Our Firemen, The History of the NY Fire Departments

Chapter 56, Part IV

By Holice and Debbie

The objection to placing the floor joists and the timbers of flat roofs apart, is that it gives rise to a current of air between them, and to prevent such a draft, sheet iron is in some systems of budding fixed between them.

Of course the wood construction is a special one, and only applicable and useful in the smaller description of buildings. Brick or burnt clay is probably the best description of fire-proof material in existence. Stone is not to be relied upon, with few exceptions. If it be granite it will freely crack and splinter under the influence of extreme heat, while if it be limestone, either in the form of marble, or in the softer varieties, it will be quickly changed to lime.

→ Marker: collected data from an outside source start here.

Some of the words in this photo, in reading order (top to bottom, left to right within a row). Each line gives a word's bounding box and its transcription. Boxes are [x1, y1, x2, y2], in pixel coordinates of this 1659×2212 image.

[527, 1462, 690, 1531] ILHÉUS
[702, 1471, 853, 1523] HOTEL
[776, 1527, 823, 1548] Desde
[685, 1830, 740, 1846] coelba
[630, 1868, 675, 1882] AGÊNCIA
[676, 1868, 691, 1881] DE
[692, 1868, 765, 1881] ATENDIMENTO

The most successful forms of fire-proof floors re those which consist of iron joists or beams supporting arches of brick between them. The iron is protected by a thick covering of fire-clay or concrete, and the supporting iron columns are shielded in the same manner. Where this is done, and the party or divisional walls are of sufficient width and are constructed of brick, a buildings is rendered as nearly fire-proof as may be.

Among the special aids for the prevention of fire are the use of asbestos, fire-proof paint and other materials. Ion the case of theaters the law compels the owner to saturate with some approved non-combustible material all the stage scenery, curtains, decorations and woodwork on or about the stage.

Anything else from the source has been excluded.